Today, the figure of Sherlock Holmes towers over detective fiction like a colossus – but it was not always so. Edgar Allan Poe’s French detective Dupin, the hero of “The Murders in the Rue Morgue”, preceded Holmes’s deductive reasoning by more than 40 years with his “tales of ratiocination.” In A Study in Scarlet, the first of Holmes’ adventures, Doyle acknowledged his debt to Poe – and to Émile Gaboriau, whose thief-turned-detective Monsieur Lecoq debuted in France 20 years earlier.

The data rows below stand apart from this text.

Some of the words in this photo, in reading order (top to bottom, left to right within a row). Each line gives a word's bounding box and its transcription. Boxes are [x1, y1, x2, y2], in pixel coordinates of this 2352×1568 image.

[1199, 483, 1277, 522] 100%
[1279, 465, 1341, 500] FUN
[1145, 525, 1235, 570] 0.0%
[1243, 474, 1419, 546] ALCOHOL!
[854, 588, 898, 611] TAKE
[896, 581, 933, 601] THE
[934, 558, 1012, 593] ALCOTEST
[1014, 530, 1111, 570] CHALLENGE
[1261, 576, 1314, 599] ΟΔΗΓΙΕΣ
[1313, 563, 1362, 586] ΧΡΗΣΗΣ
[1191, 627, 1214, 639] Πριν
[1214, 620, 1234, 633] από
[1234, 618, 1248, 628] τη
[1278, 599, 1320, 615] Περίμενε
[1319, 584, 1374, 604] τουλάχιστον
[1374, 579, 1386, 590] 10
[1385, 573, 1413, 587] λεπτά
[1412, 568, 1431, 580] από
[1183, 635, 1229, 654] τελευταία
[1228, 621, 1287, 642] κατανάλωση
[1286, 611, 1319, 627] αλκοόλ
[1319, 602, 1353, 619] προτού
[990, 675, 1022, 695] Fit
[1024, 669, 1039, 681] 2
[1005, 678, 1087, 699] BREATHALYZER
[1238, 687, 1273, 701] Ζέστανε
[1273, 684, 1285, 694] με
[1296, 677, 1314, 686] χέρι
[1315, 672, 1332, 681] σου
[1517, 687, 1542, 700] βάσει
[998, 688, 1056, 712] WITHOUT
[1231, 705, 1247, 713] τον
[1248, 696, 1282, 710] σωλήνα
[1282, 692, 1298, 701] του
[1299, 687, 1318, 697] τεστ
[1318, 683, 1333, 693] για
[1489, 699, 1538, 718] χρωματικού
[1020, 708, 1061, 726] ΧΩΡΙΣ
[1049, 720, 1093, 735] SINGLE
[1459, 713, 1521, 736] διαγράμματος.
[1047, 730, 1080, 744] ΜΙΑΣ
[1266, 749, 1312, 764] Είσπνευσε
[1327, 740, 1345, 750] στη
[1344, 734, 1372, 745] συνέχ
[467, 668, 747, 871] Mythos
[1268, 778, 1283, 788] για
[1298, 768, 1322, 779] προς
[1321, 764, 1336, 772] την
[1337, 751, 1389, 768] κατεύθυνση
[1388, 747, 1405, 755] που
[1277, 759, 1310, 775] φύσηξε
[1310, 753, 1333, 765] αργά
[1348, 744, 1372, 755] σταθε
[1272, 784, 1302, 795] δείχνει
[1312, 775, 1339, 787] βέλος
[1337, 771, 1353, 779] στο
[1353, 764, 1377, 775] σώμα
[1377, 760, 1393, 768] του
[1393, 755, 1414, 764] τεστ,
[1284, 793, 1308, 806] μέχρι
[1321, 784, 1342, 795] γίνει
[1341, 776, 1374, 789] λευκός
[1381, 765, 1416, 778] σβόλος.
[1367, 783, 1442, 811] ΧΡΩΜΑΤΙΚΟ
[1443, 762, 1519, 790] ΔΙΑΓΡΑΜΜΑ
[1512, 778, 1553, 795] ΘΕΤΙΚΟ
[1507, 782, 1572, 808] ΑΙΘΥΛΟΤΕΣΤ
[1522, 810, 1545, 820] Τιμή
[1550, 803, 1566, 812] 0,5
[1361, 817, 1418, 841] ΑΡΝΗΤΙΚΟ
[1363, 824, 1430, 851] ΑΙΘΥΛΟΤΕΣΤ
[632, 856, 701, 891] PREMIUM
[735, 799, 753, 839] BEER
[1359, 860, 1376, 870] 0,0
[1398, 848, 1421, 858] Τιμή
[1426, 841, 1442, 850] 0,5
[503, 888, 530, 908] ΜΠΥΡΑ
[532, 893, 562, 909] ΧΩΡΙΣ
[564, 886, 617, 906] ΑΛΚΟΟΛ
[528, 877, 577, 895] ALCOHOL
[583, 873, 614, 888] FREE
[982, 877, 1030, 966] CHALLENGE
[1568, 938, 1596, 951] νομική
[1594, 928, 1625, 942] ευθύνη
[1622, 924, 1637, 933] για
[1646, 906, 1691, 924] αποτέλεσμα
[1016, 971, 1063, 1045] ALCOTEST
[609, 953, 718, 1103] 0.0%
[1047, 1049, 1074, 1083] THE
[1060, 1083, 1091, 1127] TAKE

If “Rue Morgue” was the first true detective story in English, the title of the first full-length detective novel is more hotly contested. Two books by Wilkie Collins – The Woman in White (1859) and The Moonstone (1868) – are often given that honor, with the latter showing many of the features that came to identify the genre: a locked-room murder in an English country house; bungling local detectives outmatched by a brilliant amateur detective; a large cast of suspects and a plethora of red herrings; and a final twist before the truth is revealed. Others point to Mary Elizabeth Braddon’s The Trail of the Serpent (1861) or Aurora Floyd (1862), and others still to The Notting Hill Mystery (1862-3) by the pseudonymous “Charles Felix.”